CS 6505: Computability and Algorithms

MWF, 11am, Klaus 1456.
Instructor: Santosh Vempala (Office: Klaus 2222, hours: M 9-11)
TAs: Scott McManus (email: smcmanus at cc, office: Klaus 3402, hours: M 1-3, W 1-2, Th 2-3)
David Rutter (email: d.rutter at gatech.edu, office: Klaus 2124, hours: M 12-1, W 12-1, Th 12-2)

[Grading] [Tentative Schedule] [Readings] [Homework Submission Guidelines] [Lecture Notes] [Homeworks]

Sample problems for midterm 2

Grading

Homework/Problem Sets: 10 weekly problem sets worth 5% each (for 50% total)
2 Midterms: 10% each (for 20% total)
Midterm I: In class, Monday, February 22nd
Midterm II: In class, Wednesday, March 31st

Take-Home Final Exam: 30% April 21-23.

Tentative Schedule

We will alternate between algorithms and complexity topics each week.

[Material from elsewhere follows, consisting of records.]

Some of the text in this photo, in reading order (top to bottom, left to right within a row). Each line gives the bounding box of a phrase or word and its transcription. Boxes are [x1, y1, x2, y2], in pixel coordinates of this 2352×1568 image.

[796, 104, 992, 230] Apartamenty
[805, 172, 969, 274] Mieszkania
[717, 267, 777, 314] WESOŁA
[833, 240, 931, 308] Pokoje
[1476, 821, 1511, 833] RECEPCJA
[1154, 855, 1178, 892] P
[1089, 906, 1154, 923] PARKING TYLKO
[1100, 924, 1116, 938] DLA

Week 1, Jan 11-15: Problems, languages and Undecidability.
Week 2, Jan 20 & 22: Greedy algorithms. HW1
Week 3, Jan 25-29: Turing Machines, time/space hierarchies, nondeterminism. HW2
Week 4, Feb 1-5: Divide-and-conquer, sorting, median finding. HW3
Week 5, Feb 8-12: P, NP, coNP, PH, PSPACE-completeness. HW4
Week 6, Feb 15-19: Dynamic programming. HW5
Week 7, Feb 22-26: Midterm I: Monday, February 22, P vs NP, reductions, NP-completeness. HW6
Week 8, Mar 1-5: Recursion, matrix multiplication. HW7
Week 9, Mar 8-12: BPP, identity testing. HW8
Week 10, Mar 15-19: Mon: ARC3, FFT, primality testing.
Week 11, Mar 22-26: Spring Break
Week 12, Mar 29 & 31, Apr 2: Midterm II: Wednesday, March 31; Matchings in graphs. HW9
Week 13, Apr 5-9: Network flow. HW10
Week 14, Apr 12-16: Linear and Convex programming.
Week 15, Apr 19-23: PCP, approximation and hardness, Take home Final: given out Apr 21, due in class Apr 23.
Week 16, Apr 26-30: Overview of topics not covered (sampling, spectral methods, game theory, learning theory, crypto, coding theory).

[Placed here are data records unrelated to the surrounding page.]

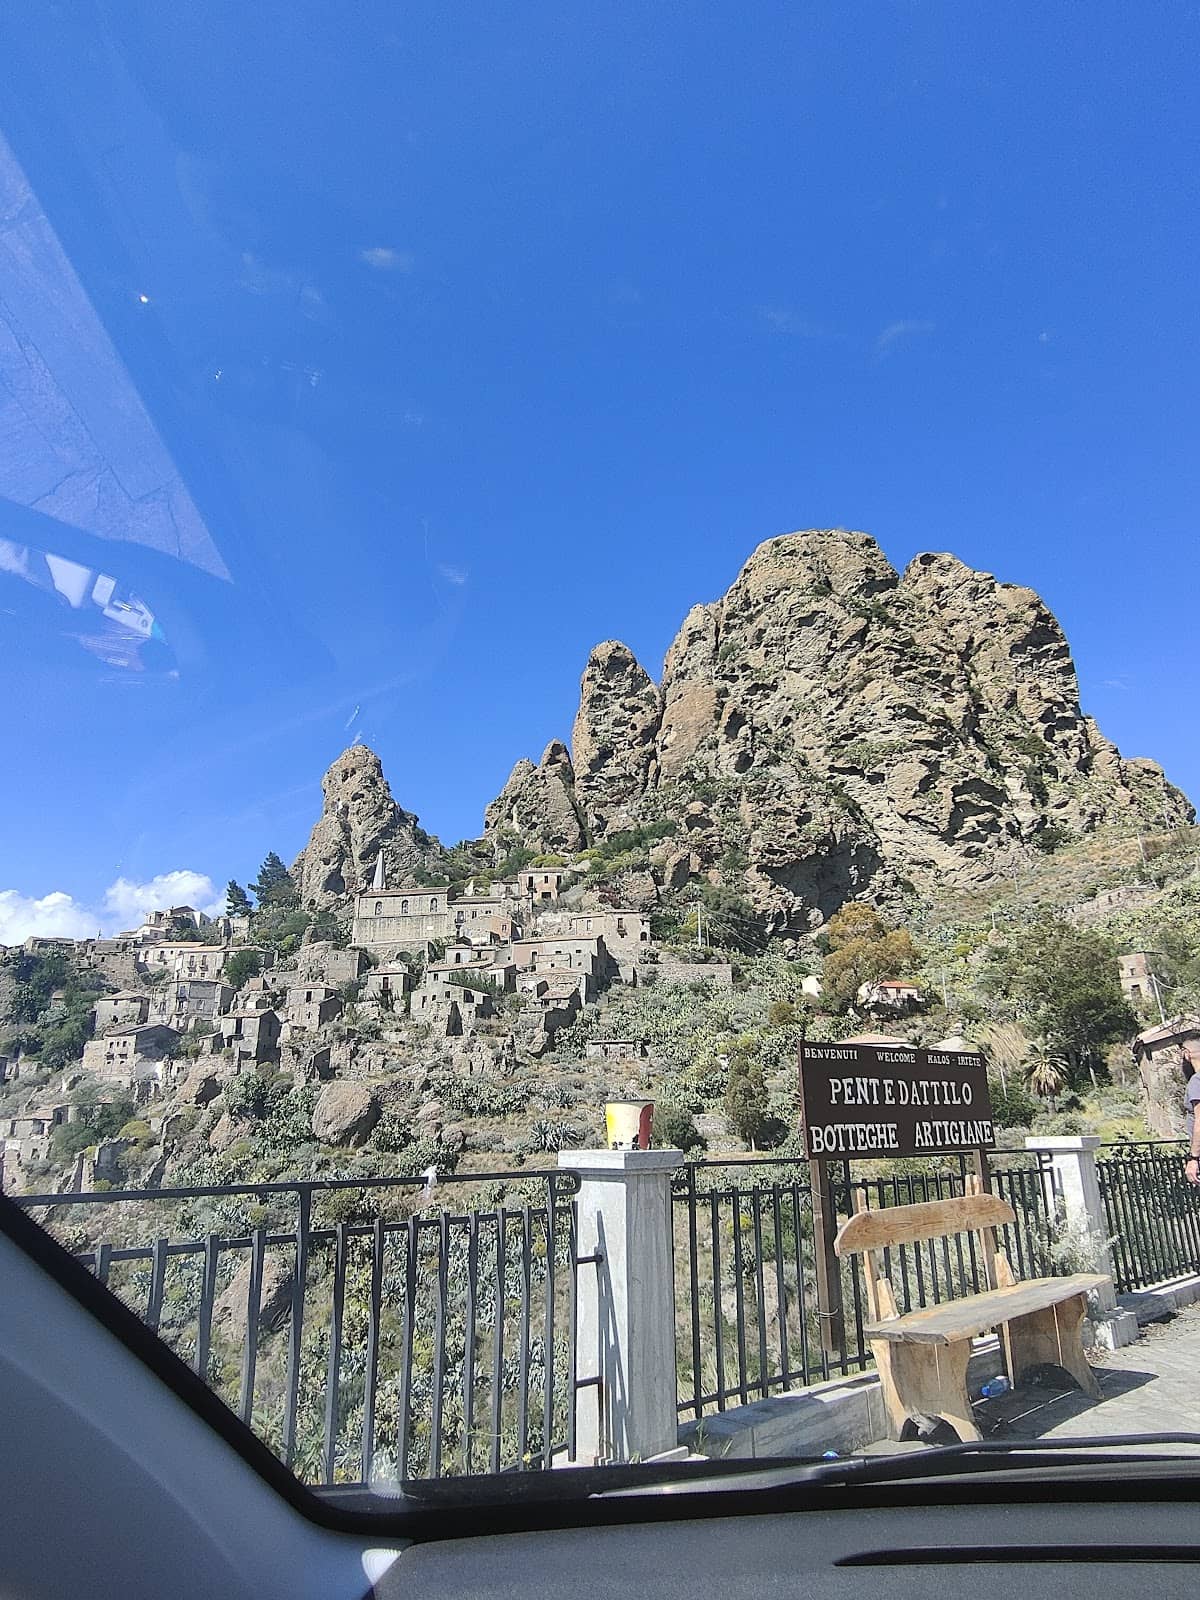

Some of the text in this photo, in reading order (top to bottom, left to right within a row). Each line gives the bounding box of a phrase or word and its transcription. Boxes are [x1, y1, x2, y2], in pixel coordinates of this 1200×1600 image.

[804, 1048, 857, 1060] BENVENUTI
[876, 1051, 916, 1063] WELCOME
[927, 1054, 950, 1065] KALOS
[829, 1077, 973, 1105] PENTEDATTILO
[809, 1120, 994, 1153] BOTTEGHE ARTIGIANE

Each Friday will typically be a problem-solving session, where students break into groups of two or three. At the end of the session, the solutions to the problems will be presented.

Notes for each lecture will also be posted to this web site.

Readings

There are several books on reserve at the library:


Sanjeev Arora and Boaz Barak also have a draft online of their upcoming book,
Computational Complexity, A Modern Approach

Homework Submission Guidelines

All homeworks are due in class on the assigned due date. Late submissions will not be accepted. All work must be legible and written clearly. If there are issues with reading your homework, then you will be asked to submit a typewritten solution using the editor of your choice. When submitting typewritten solutions, diagrams and figures may be handwritten but must be written clearly and legibly.